Companies with pre-existing BCRs will continue to be able to rely on those arrangements at the moment, as an EU privacy body confirmed earlier this month. However, the German watchdogs have outlined their intent to scrutinise the measures businesses have in place to safeguard personal data when it is transferred to the US in light of a recent Court of Justice of the EU (CJEU) ruling.
The CJEU ruled that a framework which allowed companies to move personal data across the Atlantic in a way which complied with EU data protection laws, the EU-US 'safe harbour' regime, was "invalid". The Court raised concerns about US authorities accessing data transferred from the EU and questioned whether there are sufficient privacy safeguards in place.
The CJEU's ruling has meant companies previously dependent on complying with the 'safe harbour' requirements have had to look to alternative legal mechanisms to continue transferring personal data to the US from the EU. However, the judgment has prompted debate about whether alternative mechanisms for transferring personal data from the EU to the US actually provide for adequate data protection, as required by EU law, as a result of the concerns referred to by the CJEU.
Germany's data protection authorities have now confirmed that they will block attempts by companies to rely on new BCRs for transferring personal data to the US. Their unified statement follows a string of individual comments made by some of the authorities about the impact of the CJEU's ruling in the aftermath of the judgment, as reported by Out-Law.com.
BCRs are effectively a code of conduct that businesses can put in place, with the approval of data protection authorities, for handling and protecting personal data in a way which accords with the requirements of EU data protection law when transferring that data to other companies in their group in locations outside of the European Economic Area.
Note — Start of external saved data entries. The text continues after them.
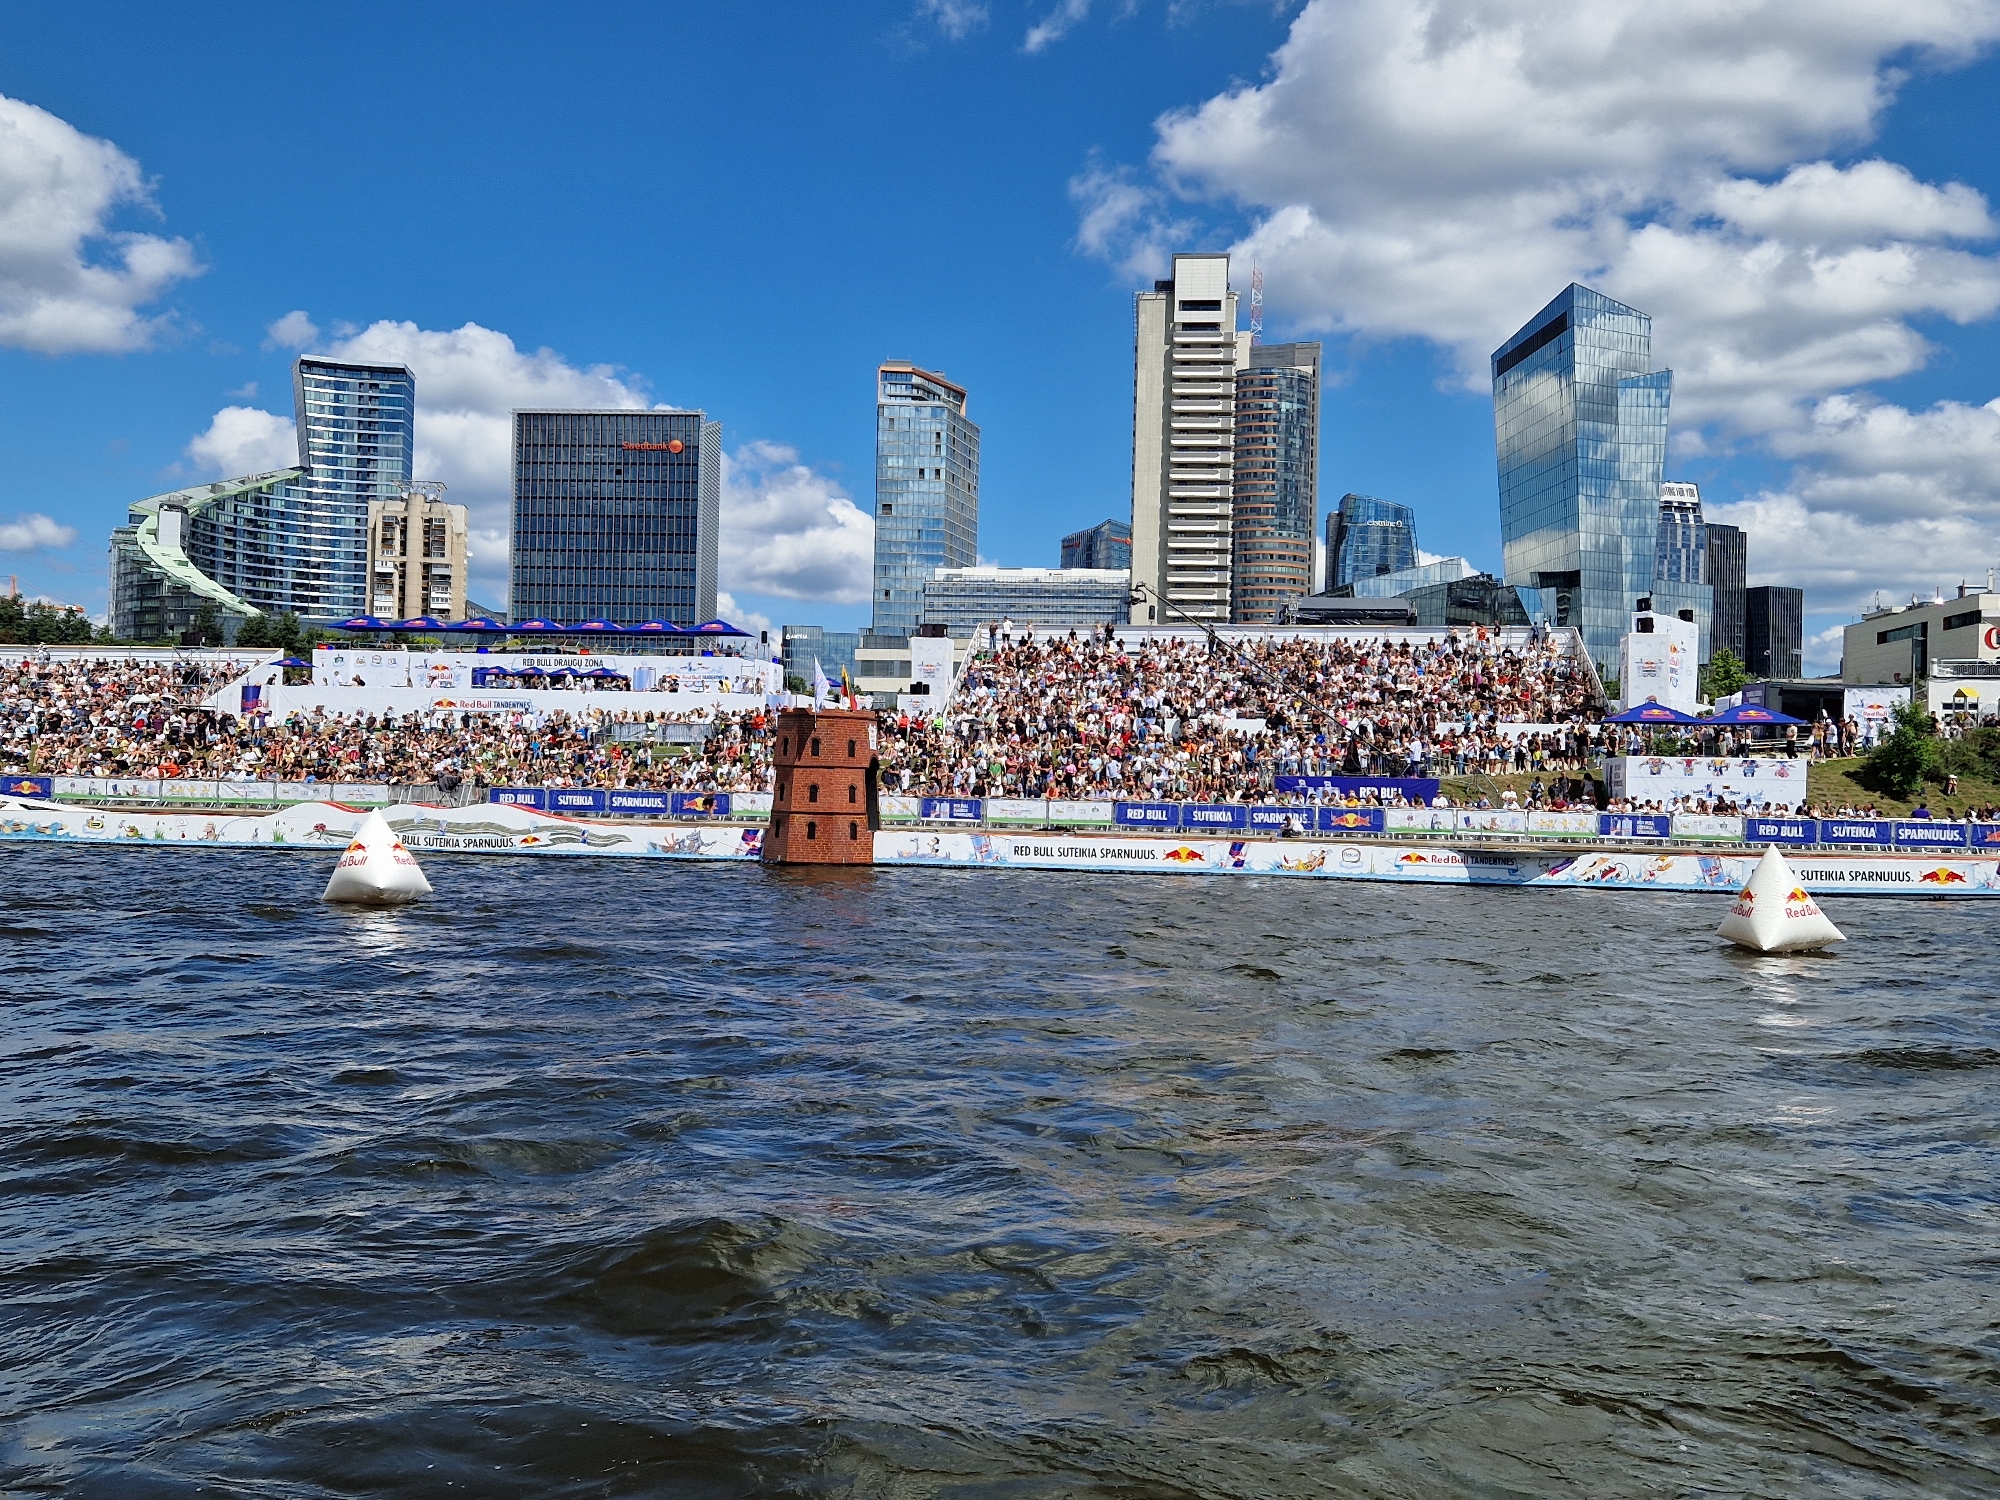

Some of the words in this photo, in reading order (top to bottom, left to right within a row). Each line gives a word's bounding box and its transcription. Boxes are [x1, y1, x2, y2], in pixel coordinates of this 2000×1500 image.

[622, 440, 668, 450] Swedbank
[522, 658, 535, 667] RED
[536, 658, 552, 667] BULL
[584, 658, 604, 668] ZONA
[440, 672, 453, 680] Bull
[460, 700, 476, 709] Red
[476, 700, 492, 709] Bull
[500, 793, 515, 804] RED
[516, 793, 536, 805] BULL
[557, 795, 593, 806] SUTEIKIA
[612, 796, 665, 808] SPARNUUUS.
[1127, 808, 1145, 820] RED
[1146, 809, 1168, 821] BULL
[1192, 810, 1233, 822] SUTEIKIA
[1758, 824, 1779, 836] RED
[1780, 825, 1805, 838] BULL
[1832, 825, 1876, 838] SUTEIKIA
[1898, 828, 1964, 842] SPARNUUUS.
[401, 834, 421, 846] BULL
[423, 836, 461, 848] SUTEIKIA
[462, 837, 517, 849] SPARNUUUS.
[1013, 845, 1031, 857] RED
[1033, 846, 1055, 857] BULL
[1057, 846, 1098, 859] SUTEIKIA
[1100, 847, 1159, 860] SPARNUUUS.
[348, 856, 368, 866] Bull
[1431, 854, 1450, 864] Red
[1451, 854, 1469, 865] Bull
[1800, 869, 1846, 882] SUTEIKIA
[1848, 870, 1915, 883] SPARNUUUS.
[1739, 904, 1754, 919] Bull
[1784, 904, 1806, 919] Red
The German authorities also confirmed that they will also not allow companies to put in place new "data export contracts" as a basis for transferring personal data to the US. EU data protection laws allow for personal data transfers outside of the EU where it is necessary for the conclusion or performance of certain contracts.
The statement issued by the German authorities limits the steps businesses that were reliant on safe harbour can now take to continue with data transfers from the EU to the US. They confirmed that companies can no longer claim compliance with EU data protection laws for data transfers on the sole basis that they adhere to the requirements of the EU-US Safe Harbour Agreement deemed invalid by the CJEU.
One alternative businesses looking to continue trans-Atlantic data flows have been considering is the implementation of European Commission-approved model clauses into their contracts. The clauses govern how personal data should be treated when transferred from the EU to the US. However, that mechanism for transferring personal data is also at risk following the CJEU's judgment.
The Article 29 Working Party, which is a committee made up of all of the EU's national data protection authorities, is currently reviewing "the impact of the CJEU judgment" has on model clauses, BCRs and other mechanisms that enable EU-US data transfers.
Whilst model clauses and BCRs already in place can continue to be used at the moment, the Working Party has said there is still the potential for data protection authorities to examine whether companies relying on those arrangements comply with EU data protection laws.
The Working Party has called on EU and US officials to "find political, legal and technical solutions enabling data transfers to the territory of the United States that respect fundamental rights" by the end of January 2016. It has said that the data protection authorities could take enforcement action against companies if "no appropriate solution is found with the US authorities" by the end of January 2016.
Enforcement action could depend on whether the Working Party finds that the alternative mechanisms companies rely on for transferring personal data to the US, such as model clauses and BCRs, do not provide for the adequate protection of personal data, as is required by EU law, it said.
In their statement, the German authorities suggested that they plan to scrutinise companies' US data transfer arrangements based on European Commission-approved model contract clauses. They said it is "necessary promptly to adapt the [European Commission's] decisions on standard contractual clauses" to account for the findings made by the CJEU in its judgment on the safe harbour regime.
The German authorities said companies can transfer personal data to the US on the basis of data subjects' consent "under strict conditions". However, they suggested companies might need consent for each transfer of personal data to the US they make. They said consent obtained would not justify the repeated, mass or routine transfer of personal data.
For employee data specifically, the German watchdogs said they would consider consent will only as being a valid basis for transferring the data to the US "only in exceptional cases".
Separately, Switzerland's federal data protection and information commissioner has announced that the 'safe harbour' framework facilitating personal data transfers between Switzerland and the US, which is separate to the EU-US safe harbour regime, is invalid in light of the CJEU's ruling.
Similarly, Israel's Law, Information and Technology Authority has shut down a derogation that existed in Israeli law which allowed businesses to transfer personal data to the US from Israel on the basis of the EU-US safe harbour regime, according to an unofficial translation of its statement (2-page / 57KB PDF) produced by Omer Tene of the International Association of Privacy Professionals.